===== AVAILABLE DATA =====

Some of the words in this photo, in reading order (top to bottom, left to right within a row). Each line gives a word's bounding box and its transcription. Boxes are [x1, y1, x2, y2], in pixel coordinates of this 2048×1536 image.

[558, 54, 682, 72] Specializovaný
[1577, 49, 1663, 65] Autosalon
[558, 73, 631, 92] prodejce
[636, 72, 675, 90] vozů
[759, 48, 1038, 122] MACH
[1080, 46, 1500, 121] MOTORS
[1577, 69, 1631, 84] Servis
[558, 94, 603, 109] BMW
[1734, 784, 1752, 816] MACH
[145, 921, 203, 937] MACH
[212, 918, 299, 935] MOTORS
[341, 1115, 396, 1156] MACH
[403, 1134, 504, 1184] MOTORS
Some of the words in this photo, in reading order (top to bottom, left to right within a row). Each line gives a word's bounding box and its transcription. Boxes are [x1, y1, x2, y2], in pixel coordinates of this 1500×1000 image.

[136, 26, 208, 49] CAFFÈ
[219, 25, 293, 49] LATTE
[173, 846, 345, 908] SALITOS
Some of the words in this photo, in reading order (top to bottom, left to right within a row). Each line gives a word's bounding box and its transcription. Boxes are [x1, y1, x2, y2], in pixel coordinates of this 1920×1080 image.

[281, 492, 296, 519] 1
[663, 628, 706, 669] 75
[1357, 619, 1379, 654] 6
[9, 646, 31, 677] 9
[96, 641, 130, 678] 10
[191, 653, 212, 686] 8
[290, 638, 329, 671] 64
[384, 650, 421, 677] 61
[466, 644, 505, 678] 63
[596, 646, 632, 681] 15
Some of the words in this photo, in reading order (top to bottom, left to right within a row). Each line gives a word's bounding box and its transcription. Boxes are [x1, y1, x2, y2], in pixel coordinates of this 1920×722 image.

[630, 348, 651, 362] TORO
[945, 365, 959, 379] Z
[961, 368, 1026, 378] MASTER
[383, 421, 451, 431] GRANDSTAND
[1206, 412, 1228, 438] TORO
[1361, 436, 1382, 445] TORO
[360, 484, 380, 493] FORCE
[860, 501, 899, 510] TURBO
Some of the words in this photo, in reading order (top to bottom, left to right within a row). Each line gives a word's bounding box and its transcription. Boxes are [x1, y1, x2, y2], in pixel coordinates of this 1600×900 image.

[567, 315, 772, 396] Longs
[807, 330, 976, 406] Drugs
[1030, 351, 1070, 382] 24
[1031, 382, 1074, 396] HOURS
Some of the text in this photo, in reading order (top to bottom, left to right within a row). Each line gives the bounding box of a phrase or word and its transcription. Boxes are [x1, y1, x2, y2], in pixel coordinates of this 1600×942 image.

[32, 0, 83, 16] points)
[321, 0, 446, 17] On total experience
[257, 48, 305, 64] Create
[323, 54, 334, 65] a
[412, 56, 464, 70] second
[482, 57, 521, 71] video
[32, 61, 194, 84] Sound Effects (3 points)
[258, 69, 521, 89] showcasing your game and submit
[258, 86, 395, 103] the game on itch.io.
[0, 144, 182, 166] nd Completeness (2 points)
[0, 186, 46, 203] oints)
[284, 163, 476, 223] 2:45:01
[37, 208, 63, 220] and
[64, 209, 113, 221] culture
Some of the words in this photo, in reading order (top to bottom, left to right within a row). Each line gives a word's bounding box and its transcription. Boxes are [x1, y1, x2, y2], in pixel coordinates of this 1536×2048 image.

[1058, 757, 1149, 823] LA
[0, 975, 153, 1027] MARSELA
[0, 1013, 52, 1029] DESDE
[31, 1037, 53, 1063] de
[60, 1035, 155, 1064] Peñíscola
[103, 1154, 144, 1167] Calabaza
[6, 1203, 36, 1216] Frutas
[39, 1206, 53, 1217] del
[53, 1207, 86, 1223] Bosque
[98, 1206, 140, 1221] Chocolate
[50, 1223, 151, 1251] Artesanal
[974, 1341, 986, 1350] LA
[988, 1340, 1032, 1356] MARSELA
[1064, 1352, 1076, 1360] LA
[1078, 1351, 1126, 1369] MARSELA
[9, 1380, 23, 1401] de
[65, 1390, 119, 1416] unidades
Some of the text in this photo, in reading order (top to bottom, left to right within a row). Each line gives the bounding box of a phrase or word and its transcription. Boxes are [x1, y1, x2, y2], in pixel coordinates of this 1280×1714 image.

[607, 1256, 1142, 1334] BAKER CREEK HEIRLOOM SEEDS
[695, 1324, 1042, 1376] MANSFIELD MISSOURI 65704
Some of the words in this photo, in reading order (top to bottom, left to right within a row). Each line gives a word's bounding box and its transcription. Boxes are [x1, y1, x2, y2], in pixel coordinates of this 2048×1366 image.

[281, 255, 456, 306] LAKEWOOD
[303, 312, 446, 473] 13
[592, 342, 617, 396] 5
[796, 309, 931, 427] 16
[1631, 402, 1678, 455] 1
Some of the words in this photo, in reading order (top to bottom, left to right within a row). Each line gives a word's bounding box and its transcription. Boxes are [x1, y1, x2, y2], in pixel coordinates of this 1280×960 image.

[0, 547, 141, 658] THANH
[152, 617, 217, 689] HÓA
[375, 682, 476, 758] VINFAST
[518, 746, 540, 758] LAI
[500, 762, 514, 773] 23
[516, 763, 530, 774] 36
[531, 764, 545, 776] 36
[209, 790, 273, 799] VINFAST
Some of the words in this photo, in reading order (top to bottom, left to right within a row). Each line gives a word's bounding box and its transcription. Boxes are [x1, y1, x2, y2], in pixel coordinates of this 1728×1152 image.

=====

All records shown above are to be output exactly.

**OUTPUT FOR THIS TASK:**
Some of the words in this photo, in reading order (top to bottom, left to right within a row). Each line gives a word's bounding box and its transcription. Boxes are [x1, y1, x2, y2], in pixel coordinates of this 2048×1536 image.

[558, 54, 682, 72] Specializovaný
[1577, 49, 1663, 65] Autosalon
[558, 73, 631, 92] prodejce
[636, 72, 675, 90] vozů
[759, 48, 1038, 122] MACH
[1080, 46, 1500, 121] MOTORS
[1577, 69, 1631, 84] Servis
[558, 94, 603, 109] BMW
[1734, 784, 1752, 816] MACH
[145, 921, 203, 937] MACH
[212, 918, 299, 935] MOTORS
[341, 1115, 396, 1156] MACH
[403, 1134, 504, 1184] MOTORS
Some of the words in this photo, in reading order (top to bottom, left to right within a row). Each line gives a word's bounding box and its transcription. Boxes are [x1, y1, x2, y2], in pixel coordinates of this 1500×1000 image.

[136, 26, 208, 49] CAFFÈ
[219, 25, 293, 49] LATTE
[173, 846, 345, 908] SALITOS
Some of the words in this photo, in reading order (top to bottom, left to right within a row). Each line gives a word's bounding box and its transcription. Boxes are [x1, y1, x2, y2], in pixel coordinates of this 1920×1080 image.

[281, 492, 296, 519] 1
[663, 628, 706, 669] 75
[1357, 619, 1379, 654] 6
[9, 646, 31, 677] 9
[96, 641, 130, 678] 10
[191, 653, 212, 686] 8
[290, 638, 329, 671] 64
[384, 650, 421, 677] 61
[466, 644, 505, 678] 63
[596, 646, 632, 681] 15
Some of the words in this photo, in reading order (top to bottom, left to right within a row). Each line gives a word's bounding box and its transcription. Boxes are [x1, y1, x2, y2], in pixel coordinates of this 1920×722 image.

[630, 348, 651, 362] TORO
[945, 365, 959, 379] Z
[961, 368, 1026, 378] MASTER
[383, 421, 451, 431] GRANDSTAND
[1206, 412, 1228, 438] TORO
[1361, 436, 1382, 445] TORO
[360, 484, 380, 493] FORCE
[860, 501, 899, 510] TURBO
Some of the words in this photo, in reading order (top to bottom, left to right within a row). Each line gives a word's bounding box and its transcription. Boxes are [x1, y1, x2, y2], in pixel coordinates of this 1600×900 image.

[567, 315, 772, 396] Longs
[807, 330, 976, 406] Drugs
[1030, 351, 1070, 382] 24
[1031, 382, 1074, 396] HOURS
Some of the text in this photo, in reading order (top to bottom, left to right within a row). Each line gives the bounding box of a phrase or word and its transcription. Boxes are [x1, y1, x2, y2], in pixel coordinates of this 1600×942 image.

[32, 0, 83, 16] points)
[321, 0, 446, 17] On total experience
[257, 48, 305, 64] Create
[323, 54, 334, 65] a
[412, 56, 464, 70] second
[482, 57, 521, 71] video
[32, 61, 194, 84] Sound Effects (3 points)
[258, 69, 521, 89] showcasing your game and submit
[258, 86, 395, 103] the game on itch.io.
[0, 144, 182, 166] nd Completeness (2 points)
[0, 186, 46, 203] oints)
[284, 163, 476, 223] 2:45:01
[37, 208, 63, 220] and
[64, 209, 113, 221] culture
Some of the words in this photo, in reading order (top to bottom, left to right within a row). Each line gives a word's bounding box and its transcription. Boxes are [x1, y1, x2, y2], in pixel coordinates of this 1536×2048 image.

[1058, 757, 1149, 823] LA
[0, 975, 153, 1027] MARSELA
[0, 1013, 52, 1029] DESDE
[31, 1037, 53, 1063] de
[60, 1035, 155, 1064] Peñíscola
[103, 1154, 144, 1167] Calabaza
[6, 1203, 36, 1216] Frutas
[39, 1206, 53, 1217] del
[53, 1207, 86, 1223] Bosque
[98, 1206, 140, 1221] Chocolate
[50, 1223, 151, 1251] Artesanal
[974, 1341, 986, 1350] LA
[988, 1340, 1032, 1356] MARSELA
[1064, 1352, 1076, 1360] LA
[1078, 1351, 1126, 1369] MARSELA
[9, 1380, 23, 1401] de
[65, 1390, 119, 1416] unidades
Some of the text in this photo, in reading order (top to bottom, left to right within a row). Each line gives the bounding box of a phrase or word and its transcription. Boxes are [x1, y1, x2, y2], in pixel coordinates of this 1280×1714 image.

[607, 1256, 1142, 1334] BAKER CREEK HEIRLOOM SEEDS
[695, 1324, 1042, 1376] MANSFIELD MISSOURI 65704
Some of the words in this photo, in reading order (top to bottom, left to right within a row). Each line gives a word's bounding box and its transcription. Boxes are [x1, y1, x2, y2], in pixel coordinates of this 2048×1366 image.

[281, 255, 456, 306] LAKEWOOD
[303, 312, 446, 473] 13
[592, 342, 617, 396] 5
[796, 309, 931, 427] 16
[1631, 402, 1678, 455] 1
Some of the words in this photo, in reading order (top to bottom, left to right within a row). Each line gives a word's bounding box and its transcription. Boxes are [x1, y1, x2, y2], in pixel coordinates of this 1280×960 image.

[0, 547, 141, 658] THANH
[152, 617, 217, 689] HÓA
[375, 682, 476, 758] VINFAST
[518, 746, 540, 758] LAI
[500, 762, 514, 773] 23
[516, 763, 530, 774] 36
[531, 764, 545, 776] 36
[209, 790, 273, 799] VINFAST
Some of the words in this photo, in reading order (top to bottom, left to right within a row). Each line gives a word's bounding box and its transcription. Boxes are [x1, y1, x2, y2], in pixel coordinates of this 1728×1152 image.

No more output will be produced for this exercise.